Friedman (in his book: PDEs of Parabolic Type) shows how to construct a solution to the Cauchy problem $$ \partial_t u(t,x) = b(x) \partial_x u(t,x) + \frac{1}{2} \sigma(x)^2 \partial_{x,x} u(t,x) $$ with initial condition $u(0,x) = f(x)$ using the parametrix method (no probability involved) under the conditions: $b, \sigma, f$ are $\alpha$-Holder continuous. In particular, $u \in C^{1,2}$.
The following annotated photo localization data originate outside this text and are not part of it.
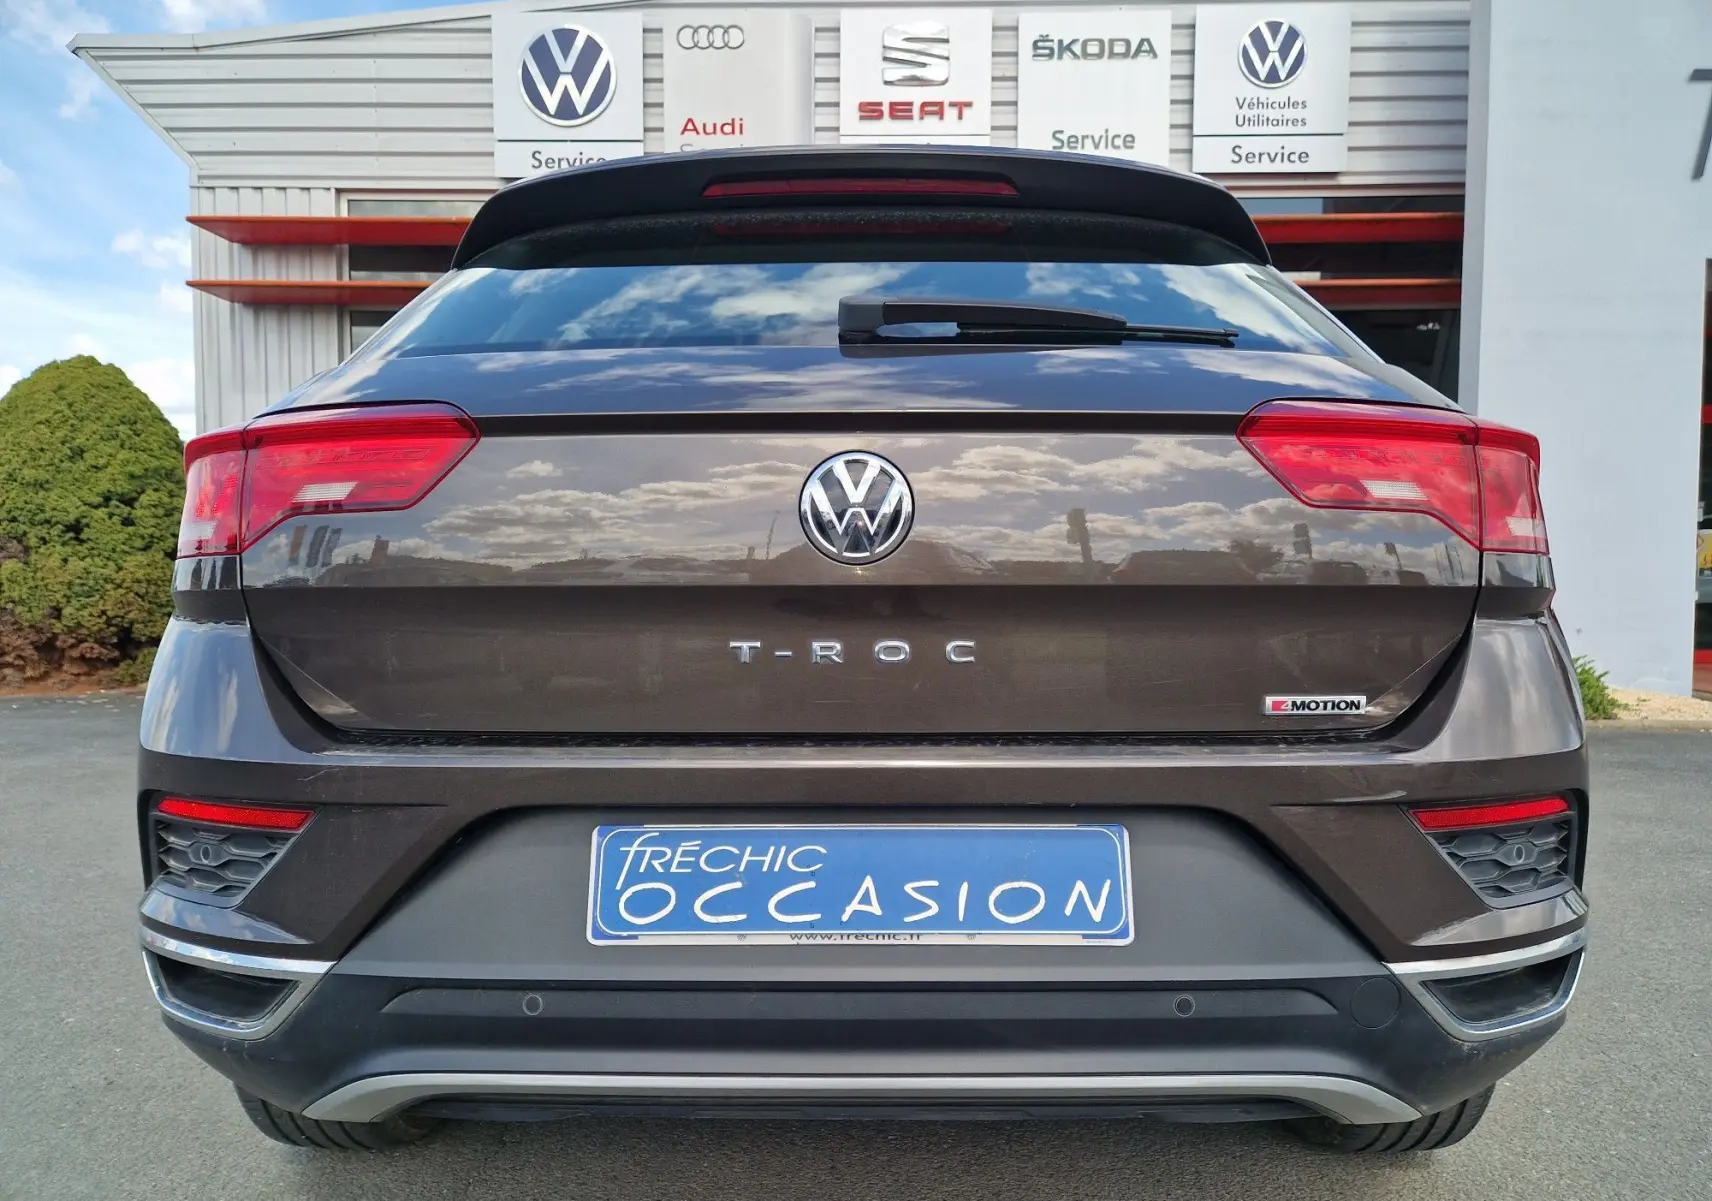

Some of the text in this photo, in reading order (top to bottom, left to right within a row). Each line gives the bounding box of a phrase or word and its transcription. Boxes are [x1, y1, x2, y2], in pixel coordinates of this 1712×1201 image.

[1032, 34, 1158, 61] ŠKODA
[858, 101, 973, 121] SEAT
[1236, 96, 1307, 110] Véhicules
[680, 118, 744, 136] Audi
[1235, 114, 1307, 127] Utilitaires
[1051, 129, 1135, 150] Service
[1231, 145, 1310, 164] Service
[618, 875, 1112, 925] OCCASION
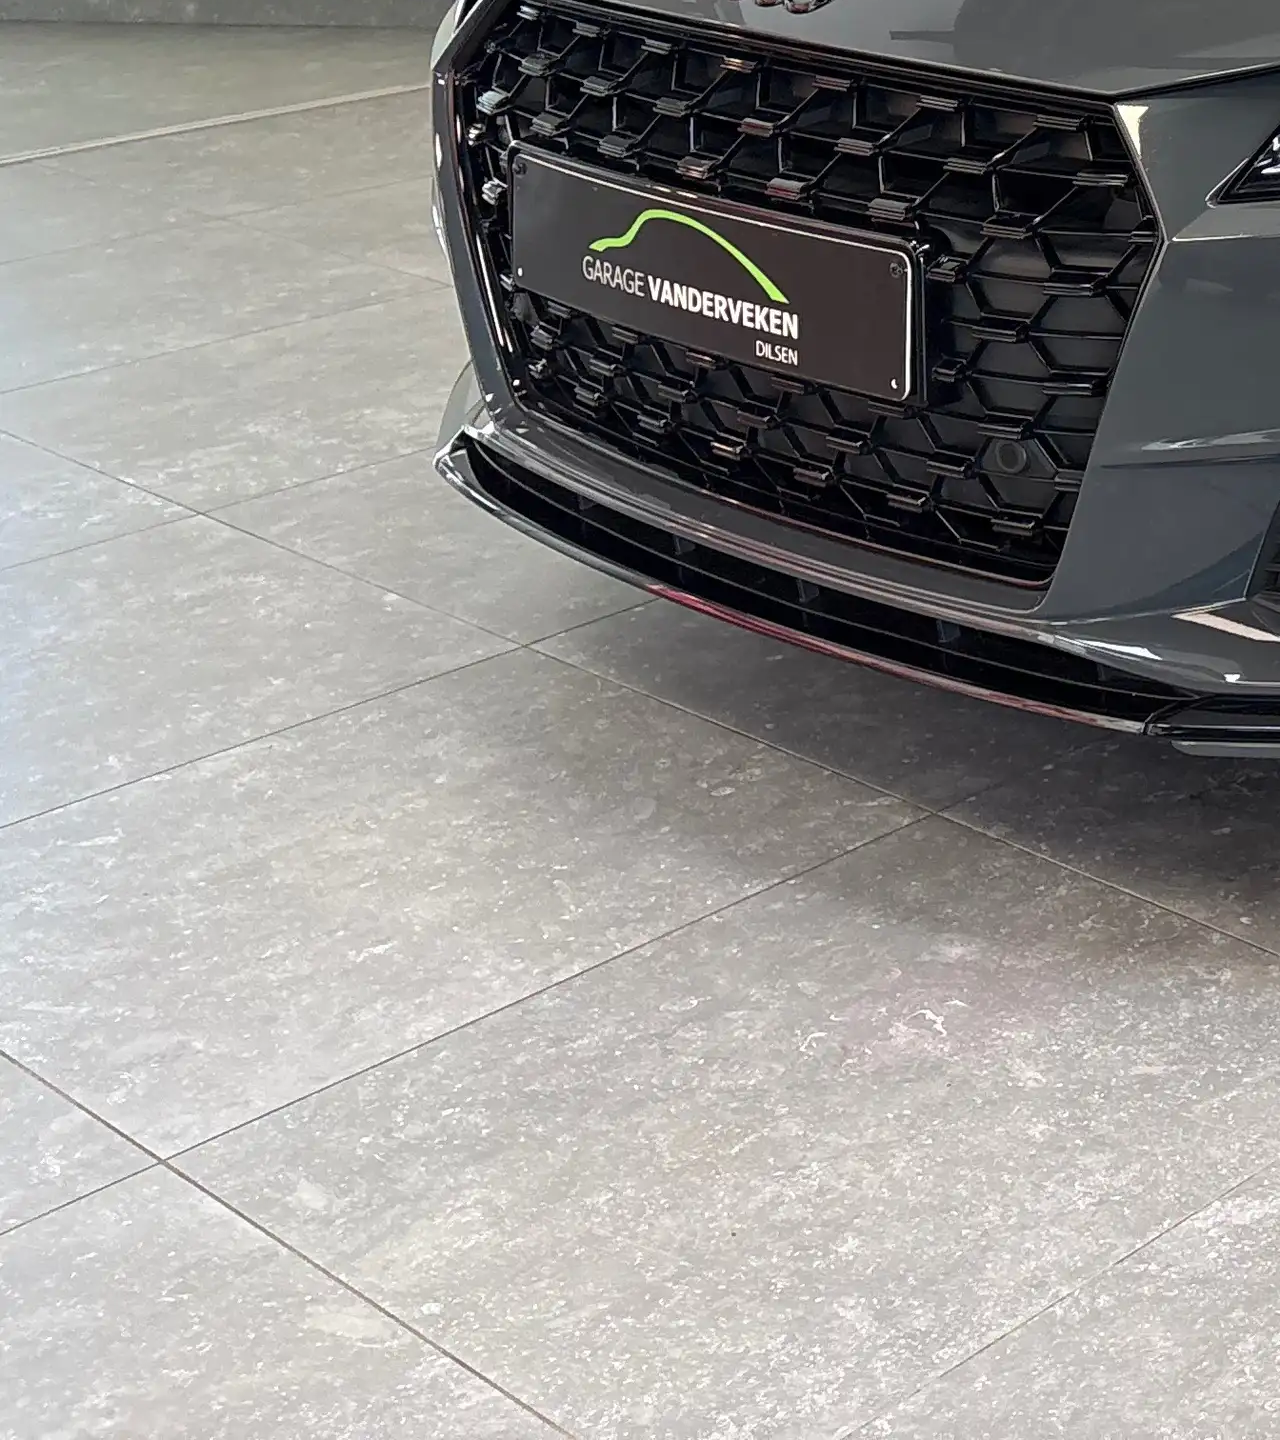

It is also well-know by the Feynman-Kac theorem that if $u$ has polynomial growth, then it has a stochastic representation as $u(t,x) = \mathbb{E}[f(X_t^x)]$, where $X$ solves the SDE $$ X_t^x = x + \int_0^t b(X_s^x) \, ds + \int_0^t \sigma(X_s^x) \, dB_s . $$
As Friedman shows (in another book: SDEs and Applications), one can define $v(t,x) := \mathbb{E}[f(X_t^x)]$ and prove directly that $v \in C^{1,2}$ and it solves the above PDE when the following conditions are satisfied: $b, \sigma, f$ are all twice continuously differentiable with bounded derivatives.
My questions:
(1): Why do we make different assumptions about the regularity of $b, \sigma, f$ in each case?
(2): Can one define $v(t,x) := \mathbb{E}[f(X_t^x)]$ and, under the assumptions $b, \sigma, f$ are $\alpha$-Holder continuous (possibly also need linear growth), prove that $v$ solves the PDE?